*** Supplied records

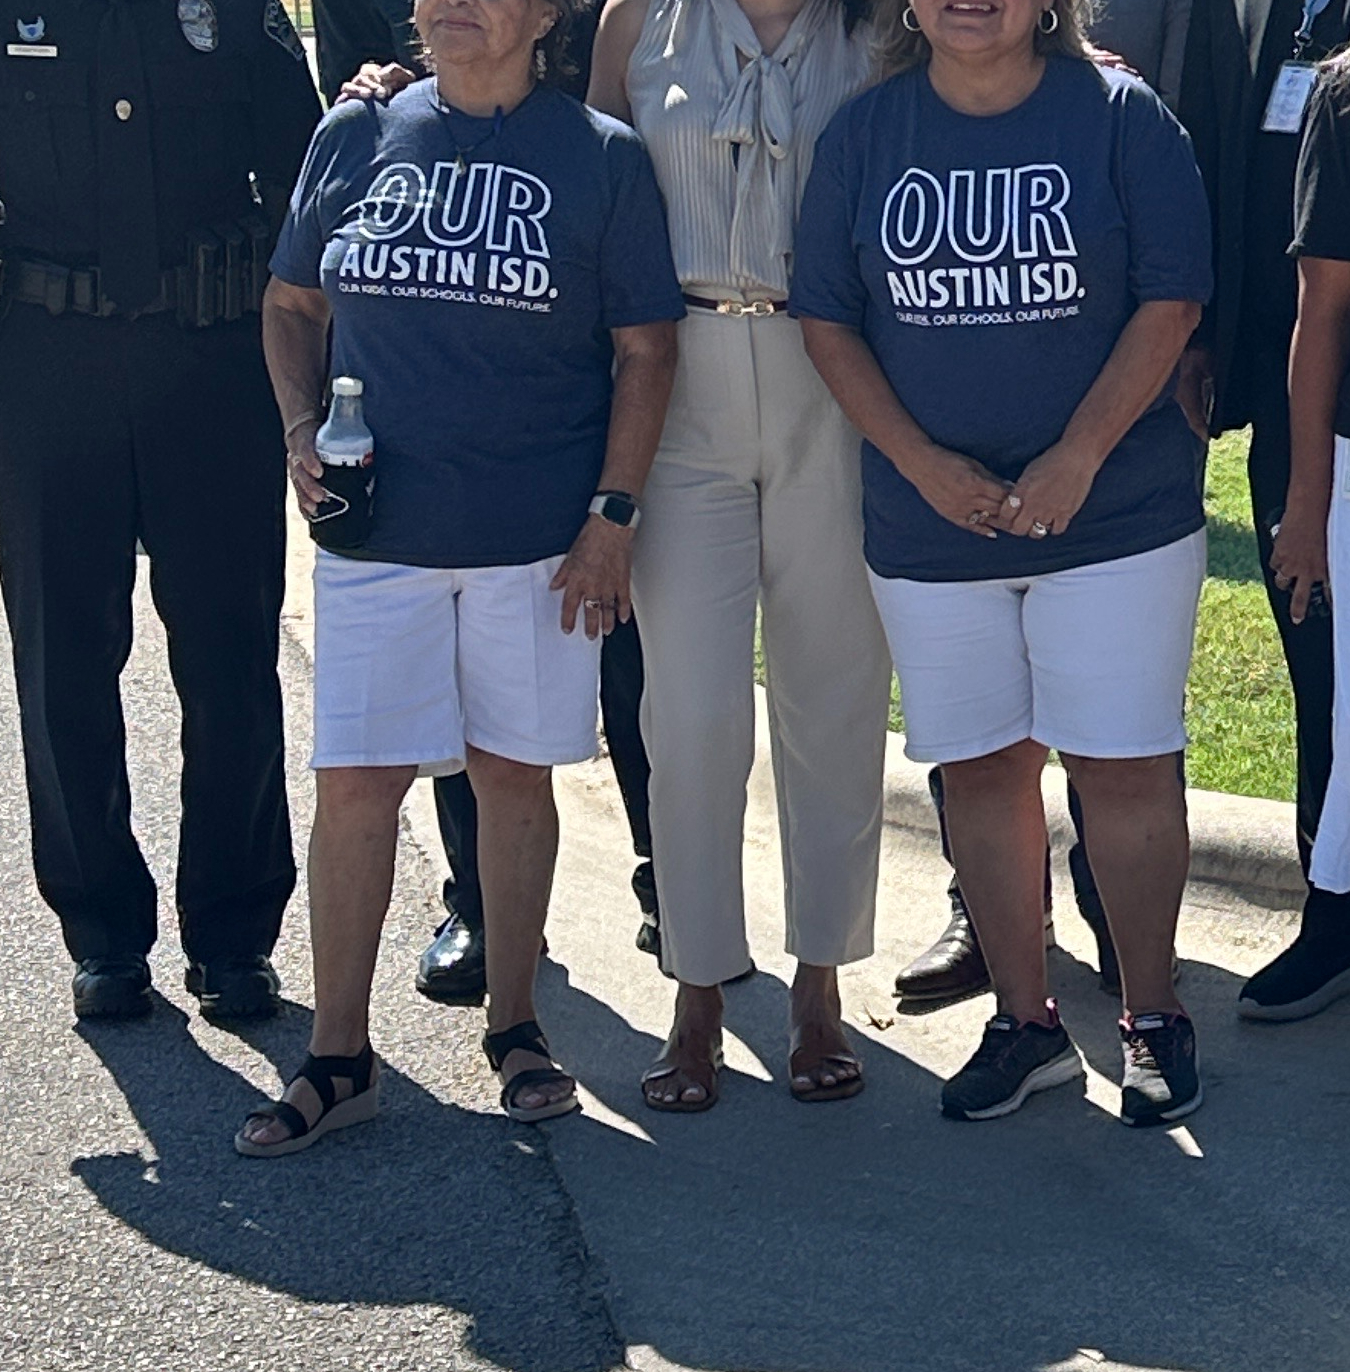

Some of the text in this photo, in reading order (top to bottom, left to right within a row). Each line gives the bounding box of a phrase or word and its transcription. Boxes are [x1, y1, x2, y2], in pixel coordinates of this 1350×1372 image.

[359, 161, 552, 259] OUR
[881, 163, 1078, 265] OUR
[338, 242, 559, 299] AUSTIN ISD.
[886, 262, 1085, 308] AUSTIN ISD.
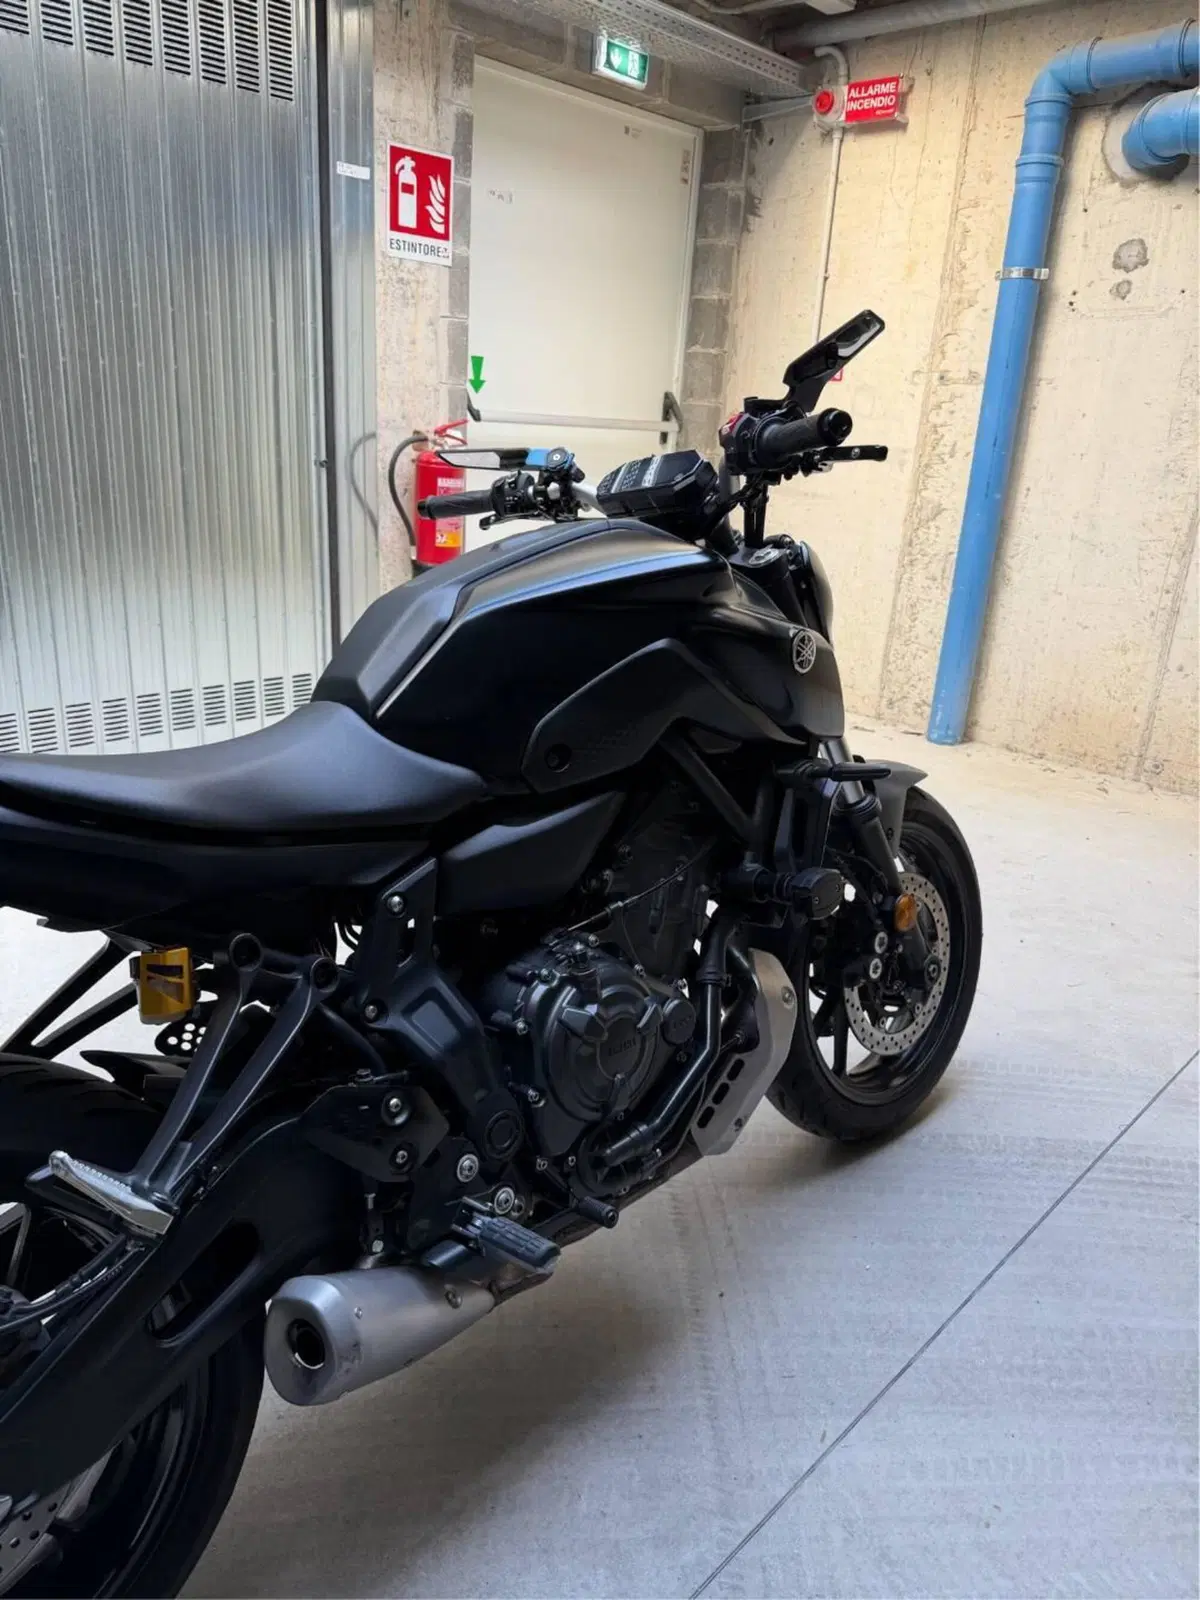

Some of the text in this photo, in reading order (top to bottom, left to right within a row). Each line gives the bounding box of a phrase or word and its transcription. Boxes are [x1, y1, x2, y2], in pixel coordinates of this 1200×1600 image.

[848, 82, 897, 99] ALLARME
[847, 95, 896, 112] INCENDIO
[389, 238, 442, 259] ESTINTORE

******

= Exercise directions =
All lines from the one with "this 1200×1600 image." to the end of the records must be set down exactly. Skip every line before it.

= Your response =
Some of the text in this photo, in reading order (top to bottom, left to right within a row). Each line gives the bounding box of a phrase or word and its transcription. Boxes are [x1, y1, x2, y2], in pixel coordinates of this 1200×1600 image.

[848, 82, 897, 99] ALLARME
[847, 95, 896, 112] INCENDIO
[389, 238, 442, 259] ESTINTORE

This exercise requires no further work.